Sarah McColley, a TSW Associate and fitness enthusiast, worked with Ben Davis, owner of Noble Clay Fitness, a 501c3 non-profit on multiple projects over the past year. Most notably, she assisted Ben and Natalie Boruk, the Business Development Manager, with researching for, writing, and assembling a Stadium Neighborhood Trust Fund grant application. In May 2021, Noble Clay Fitness was awarded $150,000 to pay off their debt service on their current location on Ormond Street, at the edge of Summerhill and Grant Park, which will allow them to expand to other neighborhoods in Atlanta, and eventually, in the United States.
Noble Clay Fitness is “a non-profit gym, transforming lives and communities through whole-body wellness. [Their] unique model blends individualized, top-notch training, community focus, and sliding scale pricing, to ensure all people have access to the best training. [They’re] creating a fitness experience that is personal, equitable, and impactful (in more ways than one).”
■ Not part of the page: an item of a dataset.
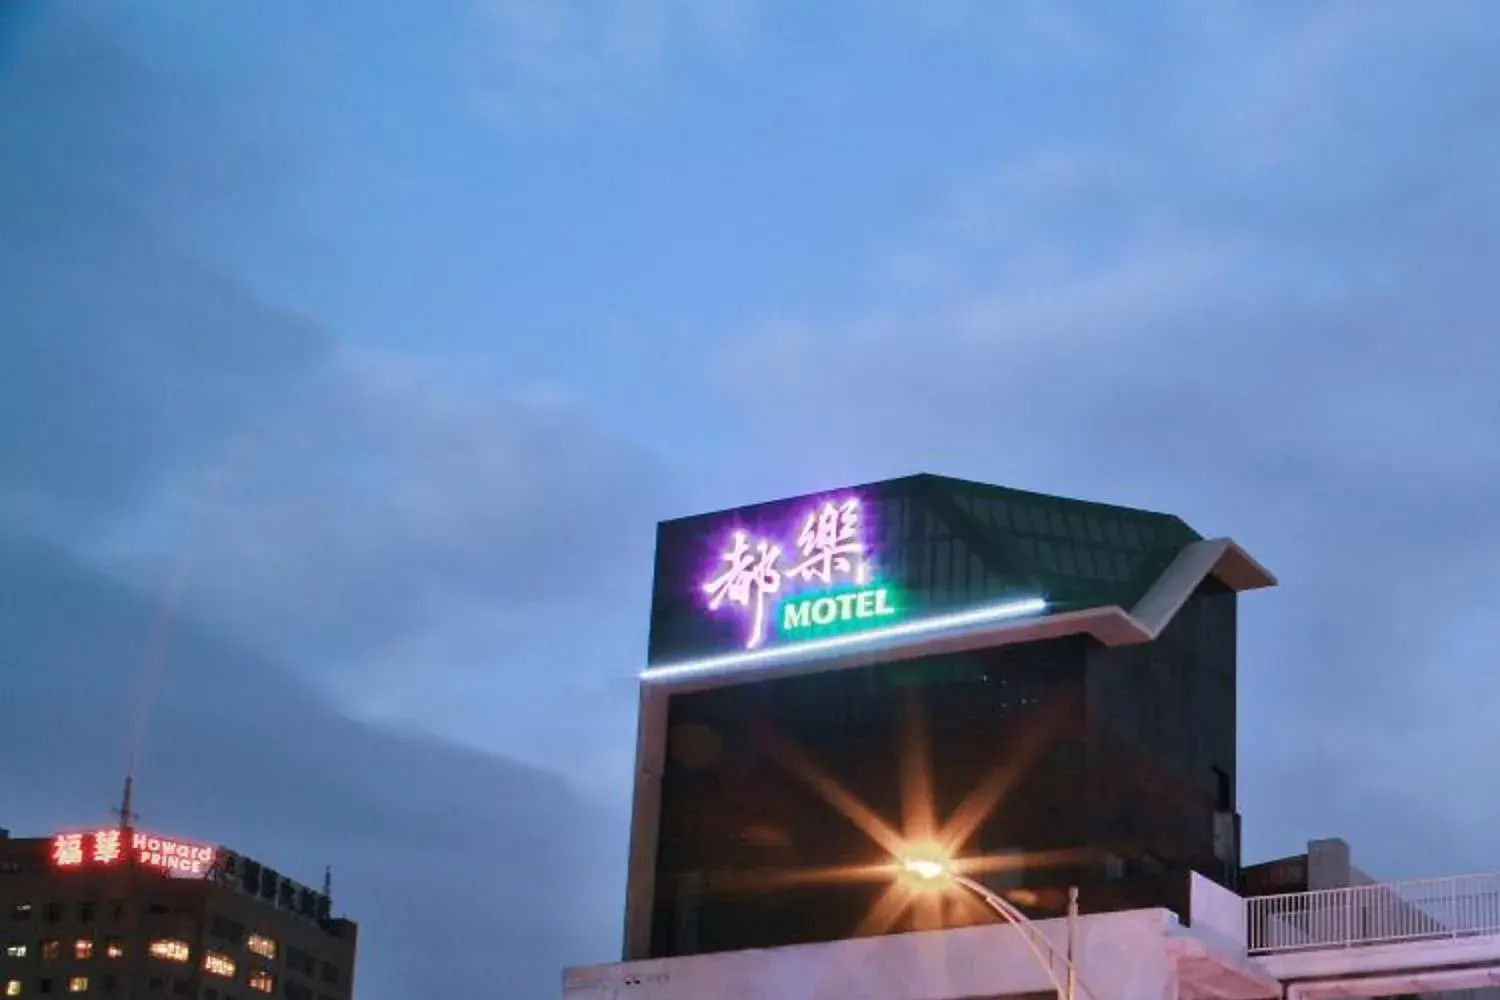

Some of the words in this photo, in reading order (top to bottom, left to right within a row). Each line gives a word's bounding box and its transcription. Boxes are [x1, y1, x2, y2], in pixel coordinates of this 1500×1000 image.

[703, 497, 867, 648] 都樂
[783, 588, 895, 631] MOTEL
[53, 830, 120, 865] 福華
[140, 851, 201, 873] PRINCE
For this grant, Sarah developed a series of maps that illustrated inequities in Atlanta and how they have been perpetuated over time to impact the locations of fitness offerings. U.S. Census Bureau American Community Survey data, accessed from the Atlanta Regional Commission, were combined with data for historic redlining districts, accessed from Jason Rhodes at Kennesaw State University as published on Atlanta Studies. Sarah manually mapped all the gym and fitness locations she could find in the Atlanta city limits, including, but not limited to: CrossFit and other similar functional fitness gyms, Orange Theory Fitness, rowing facilities, cycling studios, dance facilities, LA Fitness, Planet Fitness, other similar “typical” gyms, yoga, YMCA, HIIT gyms, and City recreation centers (these data are accurate as of May 2020).